BEGIN STUDY MATERIAL

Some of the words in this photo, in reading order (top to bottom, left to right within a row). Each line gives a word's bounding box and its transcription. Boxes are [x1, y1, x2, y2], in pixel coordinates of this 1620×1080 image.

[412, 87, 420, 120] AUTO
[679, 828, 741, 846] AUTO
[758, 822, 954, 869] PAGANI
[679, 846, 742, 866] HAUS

END STUDY MATERIAL

ACTION ITEM | Go through the records and set every one down exactly.

OUTPUT FOR THIS EXERCISE |
Some of the words in this photo, in reading order (top to bottom, left to right within a row). Each line gives a word's bounding box and its transcription. Boxes are [x1, y1, x2, y2], in pixel coordinates of this 1620×1080 image.

[412, 87, 420, 120] AUTO
[679, 828, 741, 846] AUTO
[758, 822, 954, 869] PAGANI
[679, 846, 742, 866] HAUS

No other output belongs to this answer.